Cet article est une recension de l’ouvrage de Christine Leroy, La Phénoménologie, réalisée par Aurélien Deudon pour Implications Philosophiques. Vous pouvez trouver l’ouvrage en cliquant ici.

 

Avec son ouvrage La phénoménologie publié chez Ellipse dans la collection  »Apprendre à philosopher », Christine Leroy s’essaye à renouveler le genre de l’introduction au courant phénoménologique. Naturellement, un tel exercice de sensibilisation pédagogique s’avère toujours périlleux dans la mesure où il faut parvenir à revigorer les grands enjeux tout en ne succombant pas à une trop grande technicité. Mais au-delà de ce défi didactique, auquel se plie sans complexe notre autrice1 et que d’autres auteurs avaient relevés avant elle, c’est par un double parti pris articulé que cette incursion en phénoménologie se distingue avec force et originalité des introductions antérieures.

D’un côté, Leroy est résolue à prouver que si la phénoménologie s’incarne indéniablement à travers des phénoménologies, pour autant cette multiplicité n’entame jamais leur unité d’appartenance à la phénoménologie. Cet enrayage de l’alternative de l’un et du multiple, caractéristique au fond de tout courant de pensées, n’a pas toujours été suffisamment observé. En effet, bons nombres d’ouvrages introductifs2 font davantage droit à la diversité des phénoménologies et sombrent facilement dans un inventaire de doctrines. Dès lors, si Leroy projette de « subsumer la diversité des courants phénoménologiques sous l’unité d’une démarche »3 c’est qu’elle entend moins rédiger une présentation topique qu’introduire à une manière de penser. Concrètement, c’est par le biais du concept fondamental d’intentionnalité, et l’examen de ses transformations et déclinaisons, que cette introduction veut unifier la diversité des approches phénoménologiques. Le choix de s’emparer de l’intentionnalité comme fil conducteur apparaît particulièrement judicieux et opérant puisque, depuis Husserl, toute phénoménologie, séditieuse soit-elle, part de cette tension du sujet vers l’objet comme d’un évidence soit pour en donner sa version, soit pour l’inféoder à un autre type de principe phénoménal. Et à vrai dire, même si cela n’est pas explicitement mentionné dans l’  »Introduction » du livre, notre autrice sera systématiquement très attentive au pendant de l’intentionnalité qu’est le mouvement réflexif et la connaissance de soi.
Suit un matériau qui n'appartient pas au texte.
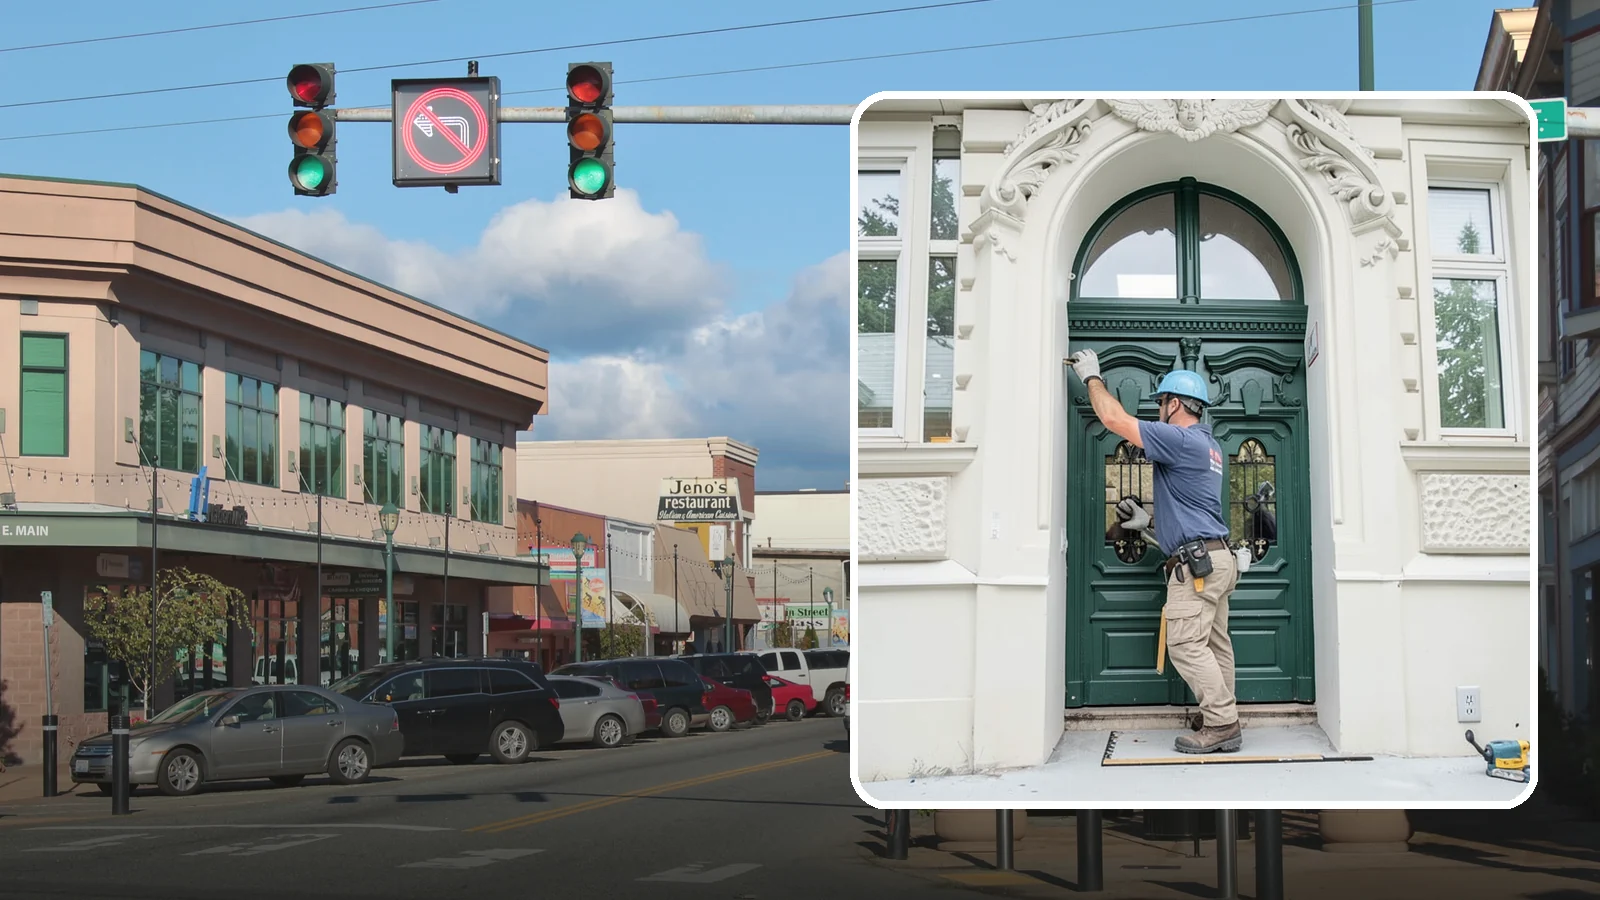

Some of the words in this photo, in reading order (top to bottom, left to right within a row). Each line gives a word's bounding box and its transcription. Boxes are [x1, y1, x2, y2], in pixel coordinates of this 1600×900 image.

[670, 480, 728, 495] Jeno's
[665, 496, 731, 509] restaurant
[658, 510, 681, 520] Italian
[686, 510, 715, 519] American
[715, 510, 737, 519] Cuisine
[2, 525, 13, 536] E.
[15, 525, 49, 536] MAIN
[797, 607, 828, 617] Street
En somme, c’est par le truchement des problématiques corrélatives de l’intentionnalité et de la réflexivité que cette introduction se décide à mettre en avant l’unité plurielle de la phénoménologie.
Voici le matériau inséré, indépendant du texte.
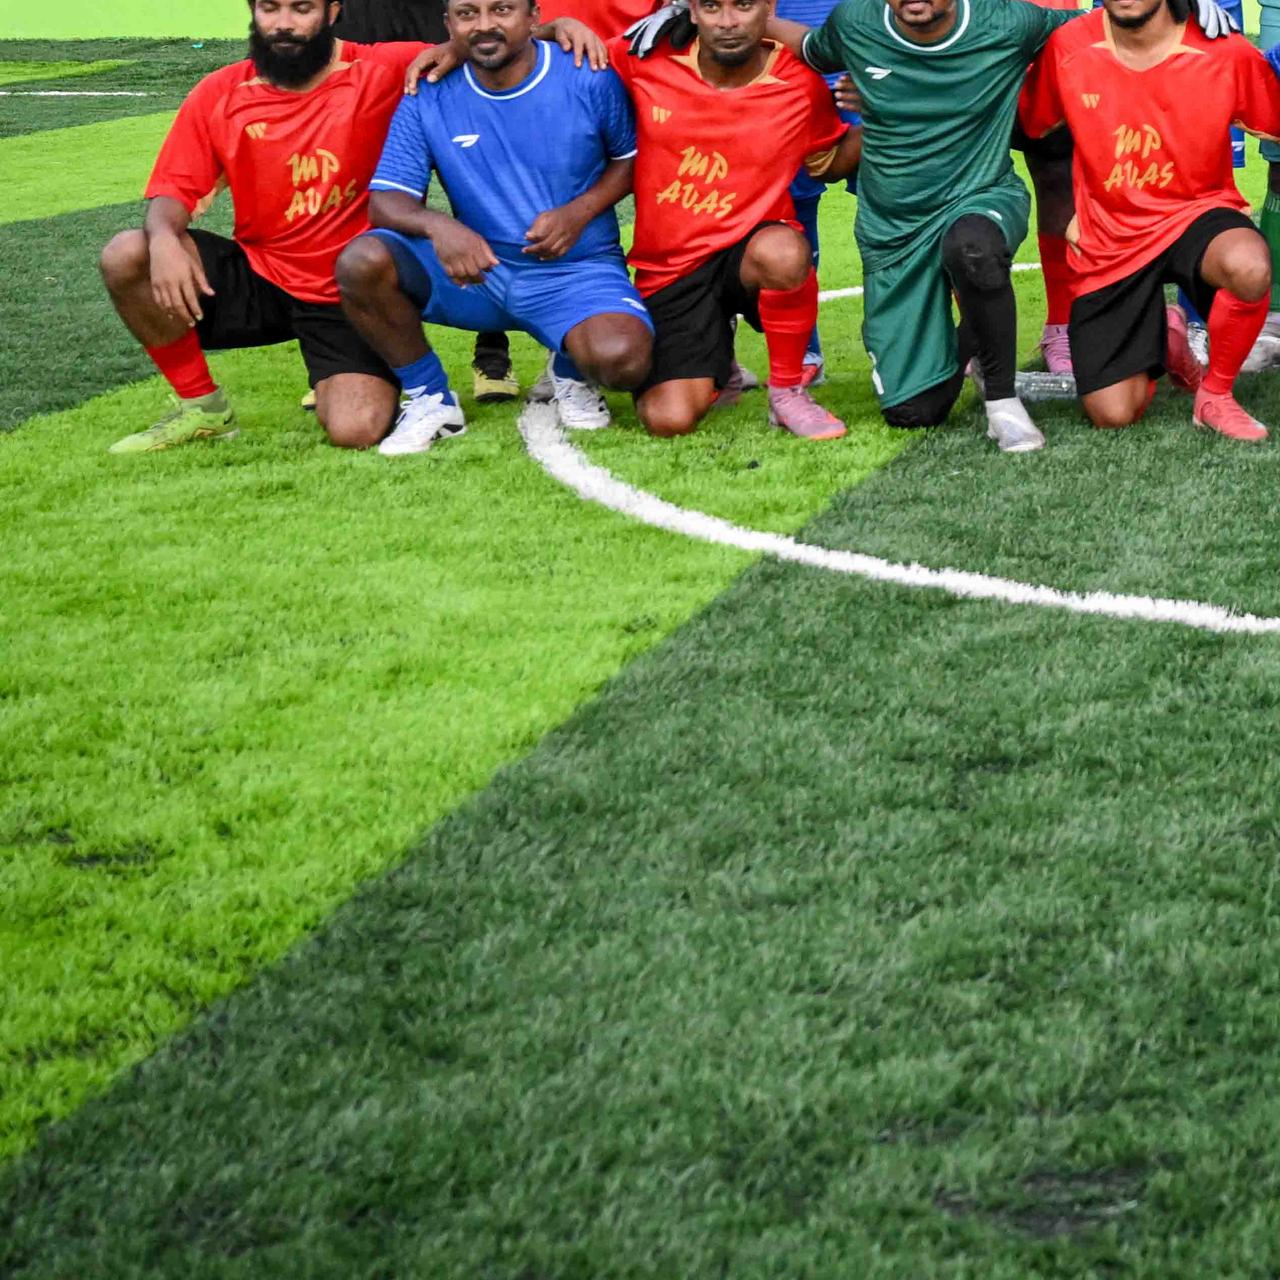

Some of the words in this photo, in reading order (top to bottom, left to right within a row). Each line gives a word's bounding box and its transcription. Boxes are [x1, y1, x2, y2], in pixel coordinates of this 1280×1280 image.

[1112, 123, 1163, 160] MP
[287, 147, 340, 188] MP
[677, 145, 729, 185] MP
Bien entendu, le format et la vocation d’initiation d’un tel ouvrage ne le destine pas à aborder toutes les approches phénoménologiques et notamment les phénoménologies les plus contemporaines (celles de Maldiney, Richir, Marion, Barbaras, Romano, etc.). Ainsi ces absences, ce manque d’exhaustivité ne doivent surtout pas être saisi comme un défaut ou un manquement, mais bien plutôt comme la réalisation, lucide et humble, du genre de l’introduction en tant qu’elle vise à nous familiariser avec les fondamentaux nécessaires à l’intelligence de toutes les phénoménologies que nous serions susceptibles de rencontrer et de découvrir par après. En outre, si la phénoménologie se dit en plusieurs sens et que c’est l’intentionnalité qui permet de penser son unité comme une unité référentielle, pros hen4, il va de soi qu’elle doit monopoliser la réflexion tout au long du livre. Pour autant, l’autrice annonce dès le départ qu’elle ne sacrifiera pas tout aux questions épistémiques et ontologiques mais qu’elle s’attachera également à faire saillir les implications éthiques et politiques afin d’exhiber la vitalité et l’actualité du propos phénoménologique. Le second grand parti pris consiste à adopter une perspective archéologique et à enraciner la phénoménologie dans l’Histoire des idées en en dévoilant la « préhistoire »5. Il faudra revenir sur cette décision stimulante qui entend considérer les choses de plus haut – en particulier les notions d’intentionnalité et de réflexivité -, mais on peut d’emblée remarquer qu’elle distingue cette introduction de toutes les autres puisqu’aucune jusqu’à ce jour n’avait osé dédier un quart de son développement à des philosophies précurseurses. Nous voudrions désormais examiner de plus près la mise en œuvre de ces deux partis pris, et repérer ainsi les lignes de force, de pertinence mais aussi les zones de silence ou d’ambiguïté plus problématiques qui constellent cet ouvrage.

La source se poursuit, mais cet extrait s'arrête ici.